EXERCISE DATA |
★ ★ ★

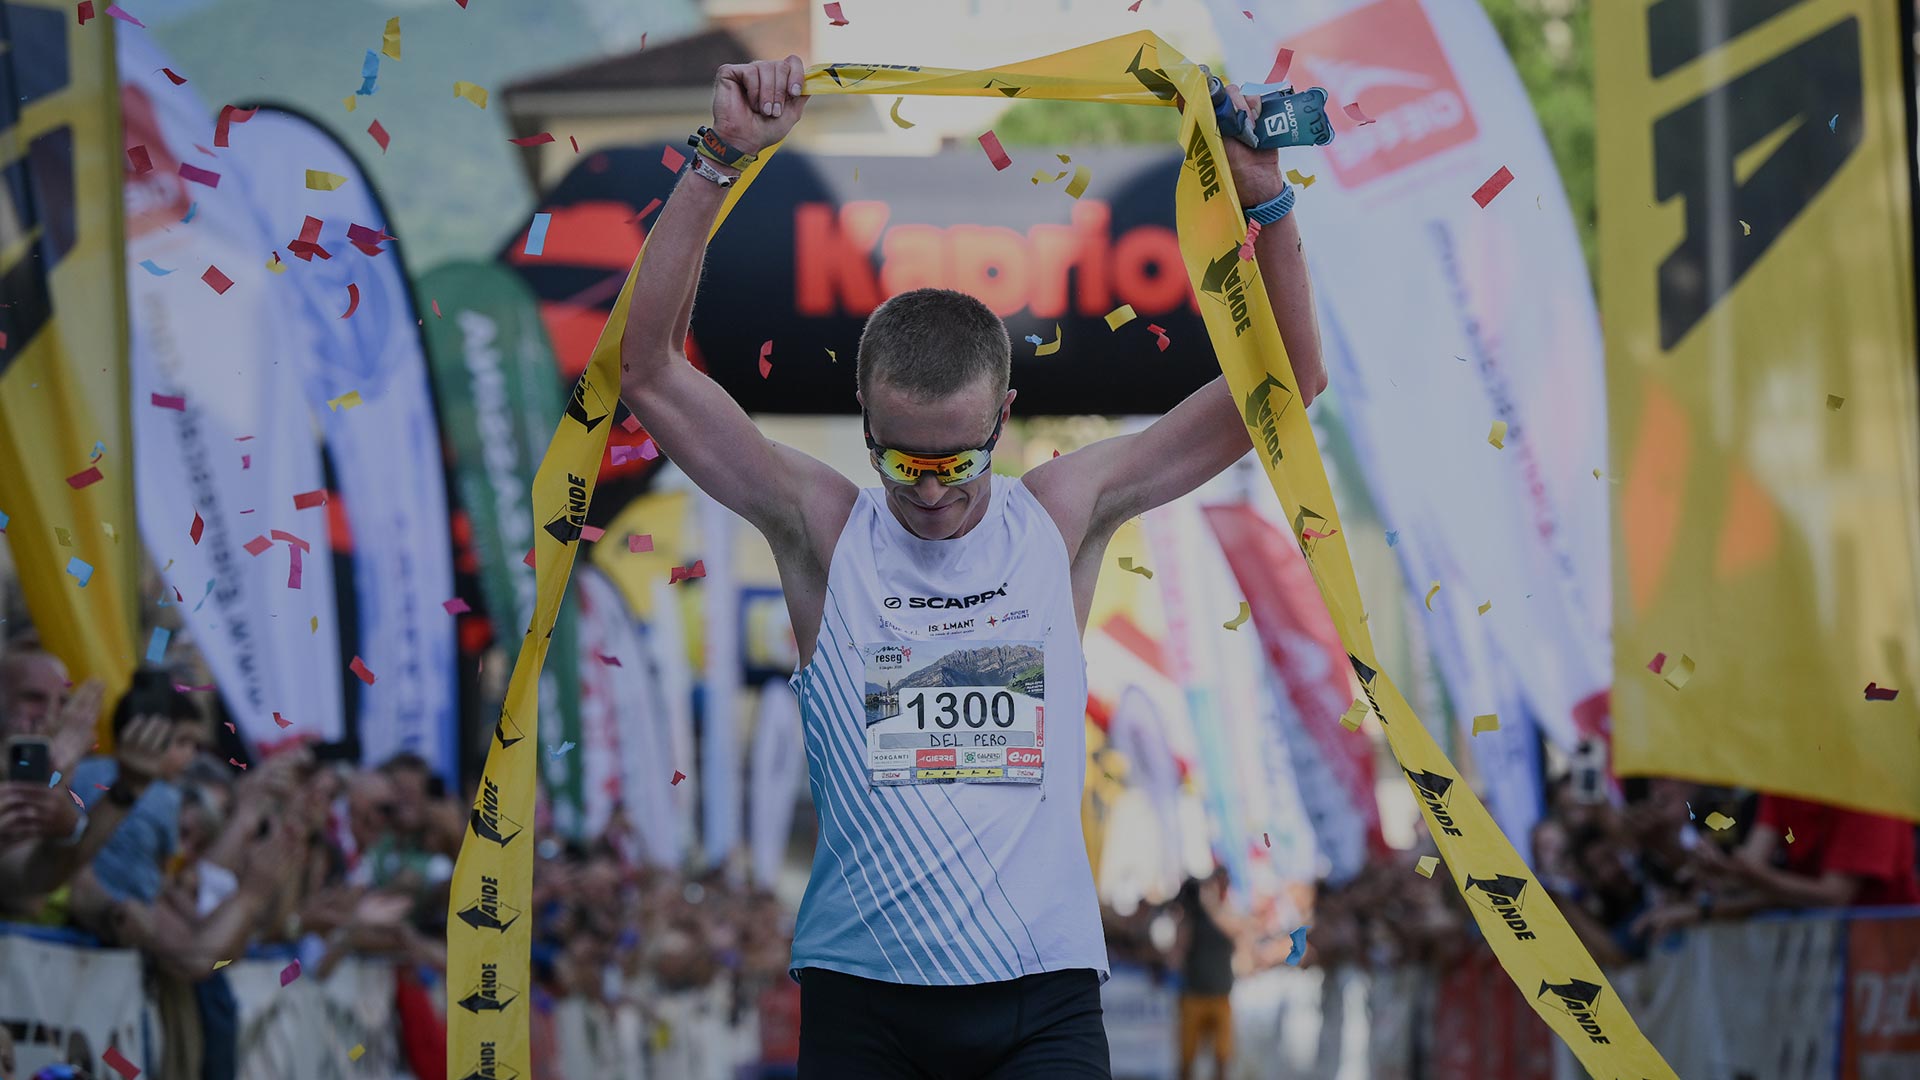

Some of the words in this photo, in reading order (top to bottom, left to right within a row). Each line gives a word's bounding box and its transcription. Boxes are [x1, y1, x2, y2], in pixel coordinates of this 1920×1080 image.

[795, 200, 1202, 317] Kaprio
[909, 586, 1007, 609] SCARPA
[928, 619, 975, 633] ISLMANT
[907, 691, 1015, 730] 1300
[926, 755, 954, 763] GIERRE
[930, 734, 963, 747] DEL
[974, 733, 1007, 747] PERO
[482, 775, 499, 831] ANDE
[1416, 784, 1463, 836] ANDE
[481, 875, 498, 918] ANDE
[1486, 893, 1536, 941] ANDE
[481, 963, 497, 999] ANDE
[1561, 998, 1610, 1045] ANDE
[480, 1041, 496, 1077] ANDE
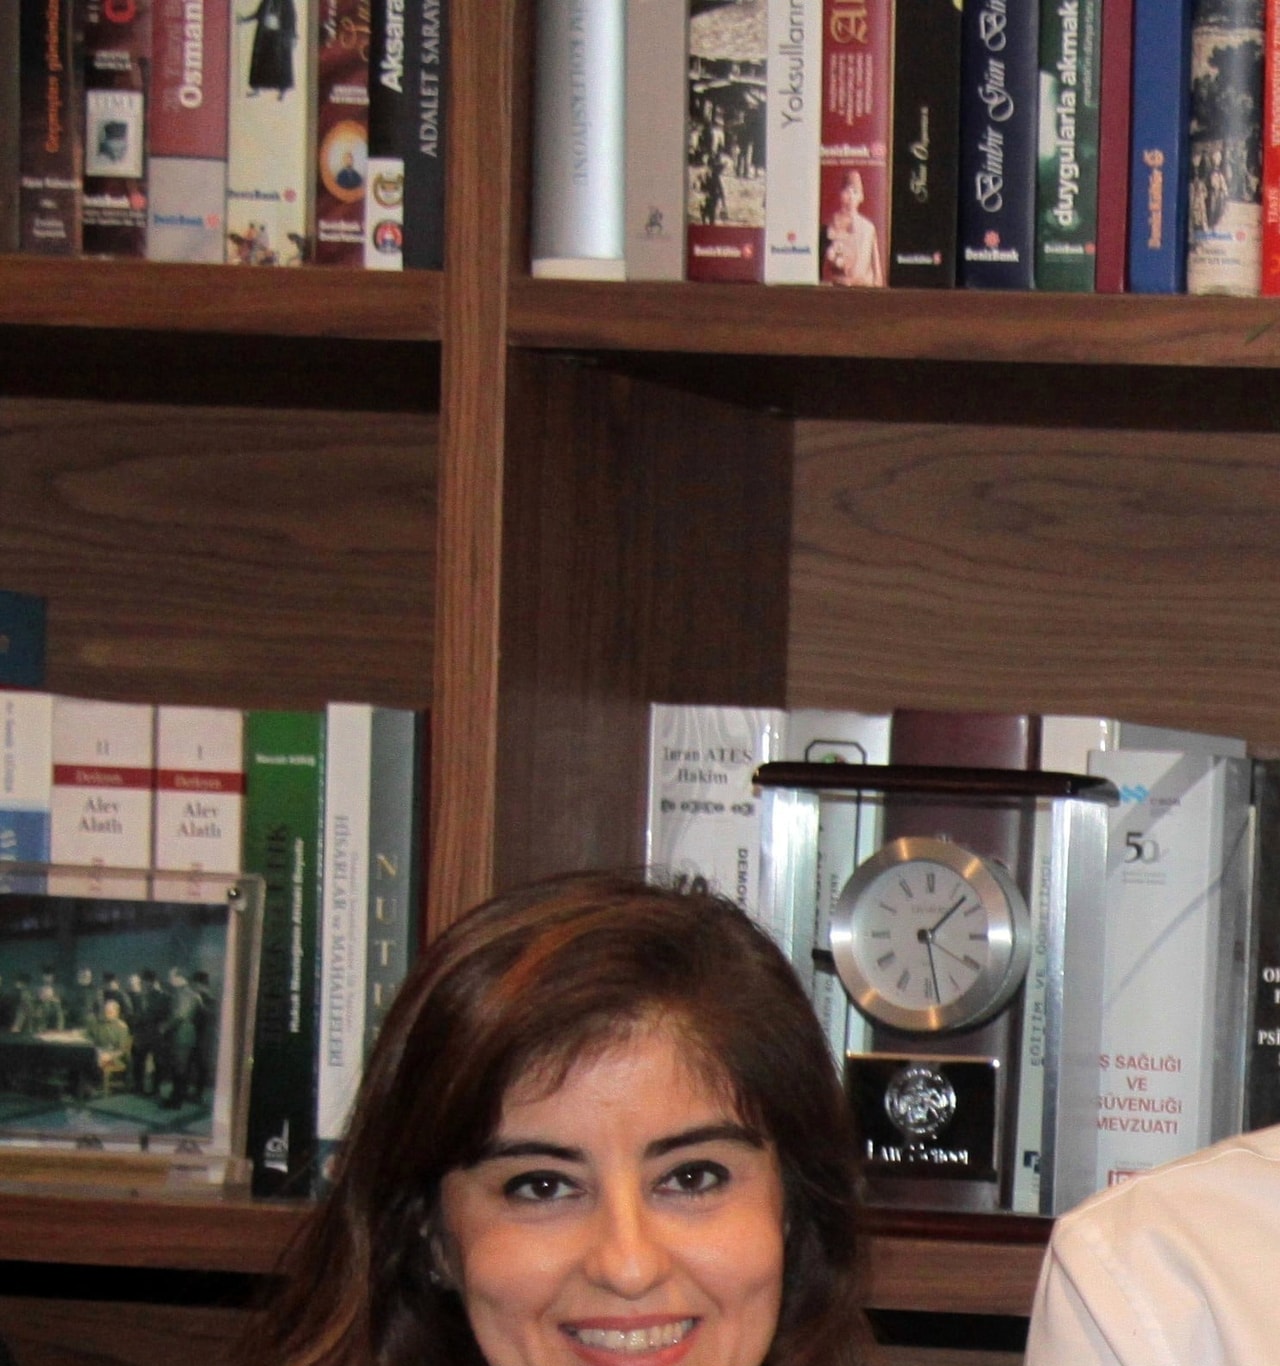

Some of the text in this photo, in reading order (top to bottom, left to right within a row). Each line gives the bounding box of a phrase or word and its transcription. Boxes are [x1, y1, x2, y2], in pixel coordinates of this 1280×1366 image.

★ ★ ★

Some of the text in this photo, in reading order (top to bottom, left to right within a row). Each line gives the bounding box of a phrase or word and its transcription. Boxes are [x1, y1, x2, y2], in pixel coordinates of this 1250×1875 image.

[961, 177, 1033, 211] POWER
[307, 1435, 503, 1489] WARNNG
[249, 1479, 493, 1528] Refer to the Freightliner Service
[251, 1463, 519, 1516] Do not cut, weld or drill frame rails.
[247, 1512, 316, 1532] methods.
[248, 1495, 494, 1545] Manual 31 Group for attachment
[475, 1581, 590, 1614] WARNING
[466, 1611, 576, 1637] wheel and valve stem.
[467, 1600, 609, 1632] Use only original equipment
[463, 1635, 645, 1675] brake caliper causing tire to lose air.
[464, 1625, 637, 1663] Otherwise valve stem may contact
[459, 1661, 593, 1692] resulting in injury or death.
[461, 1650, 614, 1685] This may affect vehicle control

★ ★ ★

PROBLEM STATEMENT |
What you need to produce is an exact copy of the entries above, limited to the lines from the one with "Some of the words" up to and including the one with "this 1280×1366 image.", without pictures.

YOUR SOLUTION |
Some of the words in this photo, in reading order (top to bottom, left to right within a row). Each line gives a word's bounding box and its transcription. Boxes are [x1, y1, x2, y2], in pixel coordinates of this 1920×1080 image.

[795, 200, 1202, 317] Kaprio
[909, 586, 1007, 609] SCARPA
[928, 619, 975, 633] ISLMANT
[907, 691, 1015, 730] 1300
[926, 755, 954, 763] GIERRE
[930, 734, 963, 747] DEL
[974, 733, 1007, 747] PERO
[482, 775, 499, 831] ANDE
[1416, 784, 1463, 836] ANDE
[481, 875, 498, 918] ANDE
[1486, 893, 1536, 941] ANDE
[481, 963, 497, 999] ANDE
[1561, 998, 1610, 1045] ANDE
[480, 1041, 496, 1077] ANDE

Some of the text in this photo, in reading order (top to bottom, left to right within a row). Each line gives the bounding box of a phrase or word and its transcription. Boxes are [x1, y1, x2, y2], in pixel coordinates of this 1280×1366 image.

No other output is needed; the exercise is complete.